Assinale a opção que apresenta os três princípios que fundamentam a criação dos conselhos dos direitos da criança e do adolescente, cuja inobservância de qualquer um deles gera a impossibilidade de ação desses conselhos.
- A)intervenção mínima, proteção integral e sigilosidade
Errada: intervenção mínima, proteção integral e sigilosidade são ideias ligadas a proteção de direitos e medidas, não aos fundamentos de criação dos conselhos.
- B)prevalência dos interesses, gratuidade e municipalização
Errada: prevalência dos interesses, gratuidade e municipalização não formam o tripé dos conselhos de direitos.
- C)prioridade absoluta, primazia e interesse superior
Errada: prioridade absoluta, primazia e interesse superior são princípios centrais do ECA, mas não os fundamentos específicos dos conselhos.
- D)brevidade, excepcionalidade e intervenção precoce
Errada: brevidade, excepcionalidade e intervenção precoce dizem respeito a medidas e acolhimento, não à estrutura dos conselhos.

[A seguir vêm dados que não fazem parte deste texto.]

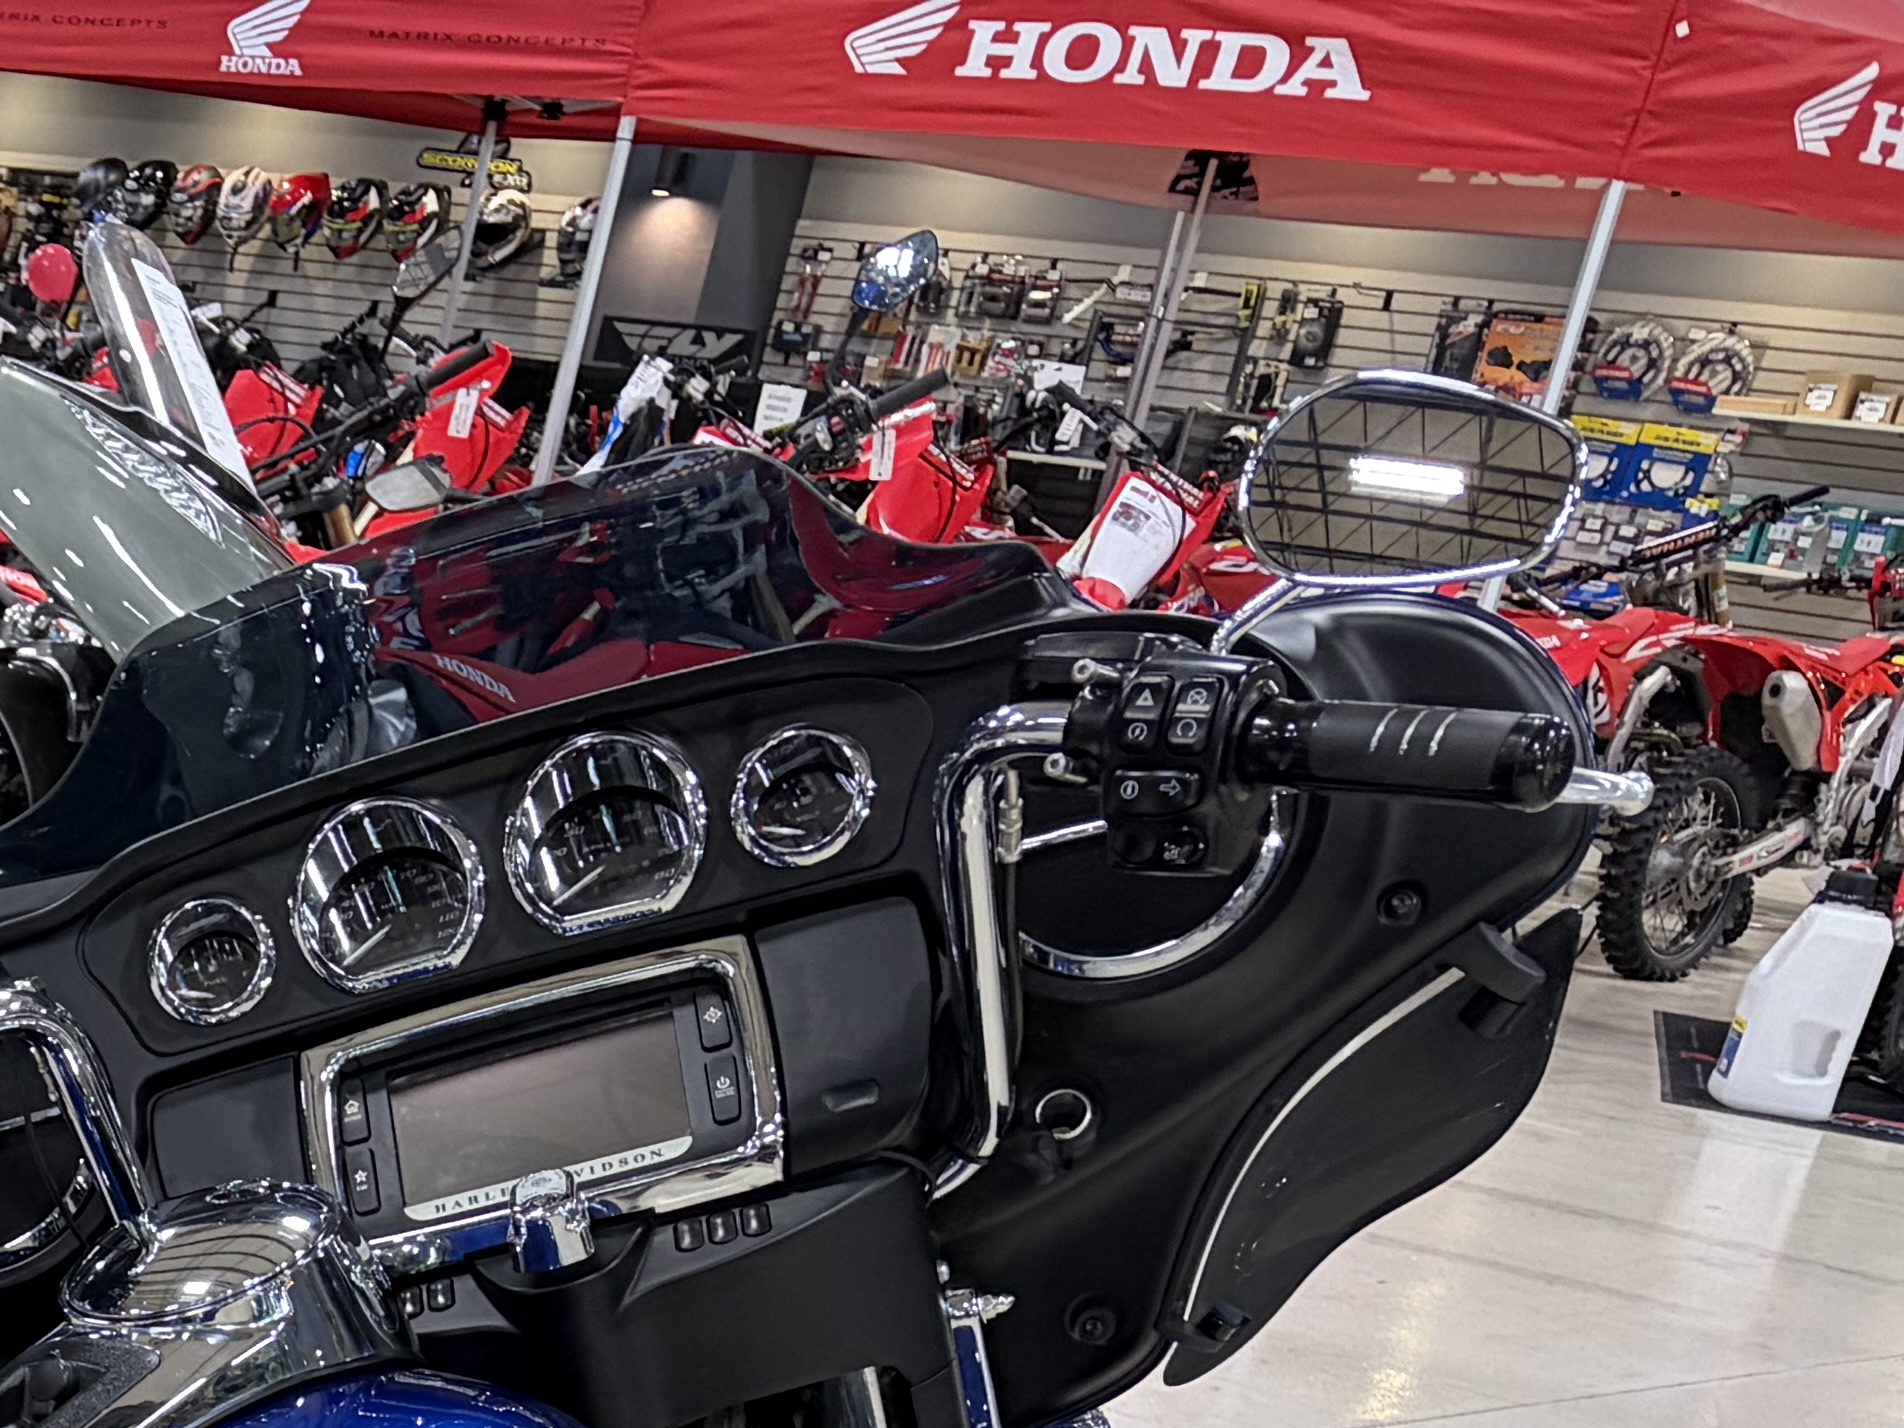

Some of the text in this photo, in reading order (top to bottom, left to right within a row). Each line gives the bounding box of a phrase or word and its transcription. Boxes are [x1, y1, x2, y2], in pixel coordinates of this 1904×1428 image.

[51, 14, 168, 29] CONCEPTS
[369, 29, 608, 48] MATRIX CONCEPTS
[219, 53, 303, 76] HONDA
[954, 20, 1371, 101] HONDA
[421, 152, 519, 174] SCORPON
[613, 321, 746, 359] FLY
[432, 653, 517, 704] HONDA

- E)participação, paridade e controle social
Certa: participação, paridade e controle social são os três pilares que sustentam os conselhos dos direitos da criança e do adolescente.
Gabarito: E
Os conselhos dos direitos da criança e do adolescente são órgãos colegiados e deliberativos, criados para formular e controlar as políticas públicas nessa área. A lógica deles não é “mandar sozinho”, mas reunir Estado e sociedade para decidir em conjunto e fiscalizar a execução das ações. Por isso, a doutrina e a legislação associada ao Sistema de Garantia de Direitos destacam três ideias-chave: participação, paridade e controle social. Em outras palavras, o conselho só funciona de verdade quando há presença da sociedade, equilíbrio entre representantes do governo e da sociedade civil, e possibilidade real de fiscalização social. A participação aparece porque a sociedade civil integra o conselho e ajuda a definir prioridades. A paridade garante equilíbrio entre governo e sociedade, evitando que um lado domine o outro. E o controle social permite acompanhar, cobrar e corrigir a política pública. Sem qualquer um desses elementos, a atuação do conselho fica comprometida, porque ele perde justamente sua razão de existir: ser um espaço democrático de deliberação e fiscalização. É por isso que o gabarito é a letra E. As demais alternativas misturam princípios de outros temas do ECA, como proteção integral, prioridade absoluta, brevidade e excepcionalidade, que são importantes no Estatuto, mas não são a base estrutural dos conselhos de direitos. Aqui a banca quer que você reconheça a “cara” dos conselhos: participação social com equilíbrio e fiscalização.